Y is for Yourself
Say what you want about 50 Shades of Grey, it brought the BDSM scene into the mainstream consciousness and it did so in a fairly positive way. This is great, because prior to 50 Shades’ popularity, the face of BDSM was essentially this one.
Whereas now, we in the Scene are mostly defined as 40-something, repressed Twilight fans. Which…now that I think about it, is really kind of a lateral slide. Anyhoo, this article is not about bashing 50 Shades of Bella, it’s about the backlash that book has had on the Scene. You see, yes, it has elevated BDSM to a more socially-acceptable level, rather than something to be strictly played for laughs or used as the go-to kink for a Hollywood serial killer, but on the flip-side, it has brought a whole new wave of people into the scene who believe all subs ought to look, think and act like Ana, and all Doms ought to be shapeshifting dragons disguised as billionaire playboys (I haven’t read the book). My point is, I have personally met people, real people, who think that because they don’t have the same experiences as were written in a piece of, for Crissakes, revamped BDSM fan-fiction, they aren’t doing BDSM “right” and therefore maybe shouldn’t be in the Scene at all. No shit, I heard from one guy whose girlfriend of five friggin’ years broke up with him after she read that book, solely because she didn’t have an orgasm from having her toes sucked and therefore, he could not possibly be her true soulmate. “I didn’t even want to suck her toes in the first place!” he said. “What’s true love if it isn’t sucking on your woman’s gross feet?!”

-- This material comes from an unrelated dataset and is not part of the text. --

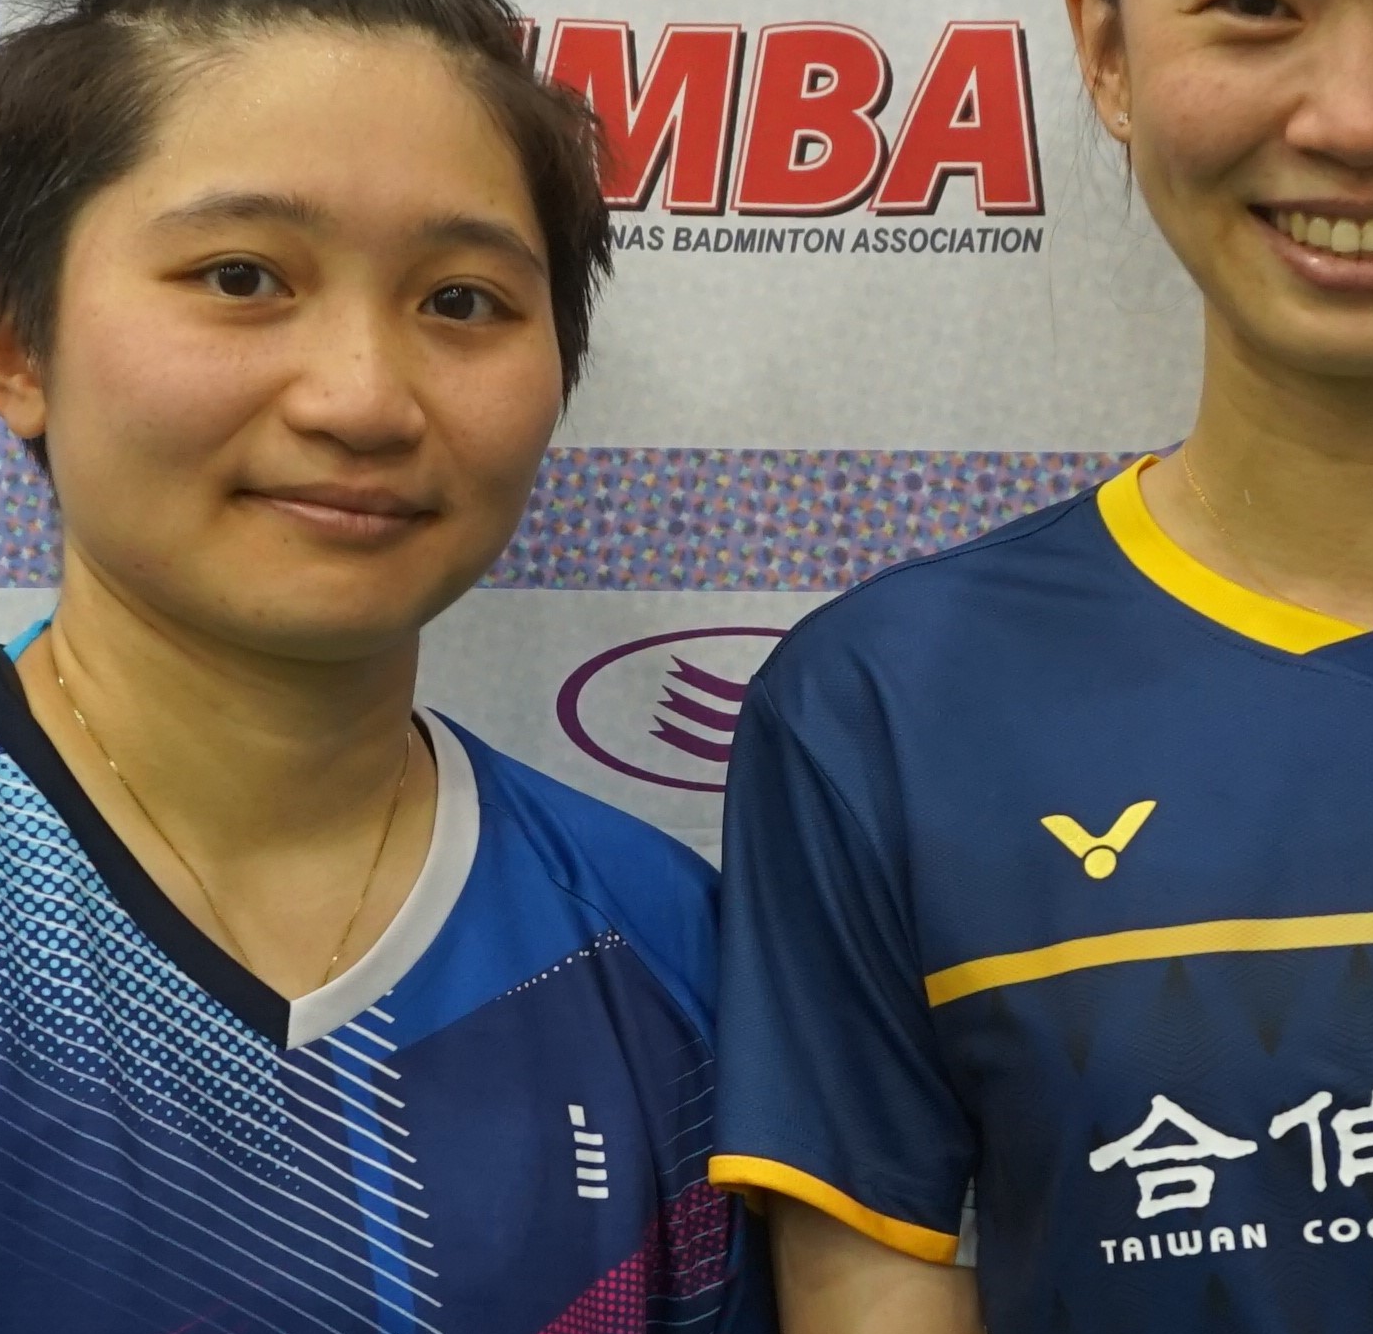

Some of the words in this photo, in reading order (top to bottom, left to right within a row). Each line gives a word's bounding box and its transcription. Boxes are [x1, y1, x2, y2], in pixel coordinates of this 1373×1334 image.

First off, guy, you can do better than a girl who leaves you for a fictional wannabe vampire. Secondly, for the rest of you, there’s a real danger in defining yourself by a subculture, in that no one person can completely encapsulate an entire lifestyle. Heck, even my cross-stitch club comprises dozens of differing preferences and viewpoints, and prejudices absolutely do exist, even on that ridiculously irrelevant level (nor am I immune to them; I have a difficult time taking my sister’s stitching seriously because she still stitches on aida cloth rather than linen, whilst at the same time, I have to deal with the not-so-subtle condescension from the club moderator who thinks I’m a poser because I don’t like sampler patterns). In fact, when it comes to subcultures of any kind, everything is relevant to those who live there and everyone is an expert on who belongs. I’ve been told I’m not a “real” gamer because I don’t like first-person shooters; I don’t read the “right” comic books or listen to the “right” music; I don’t like Dr. Who, so obviously, I’m not a “real” nerd; and of course, I’m not a “real” author because I’m self-published.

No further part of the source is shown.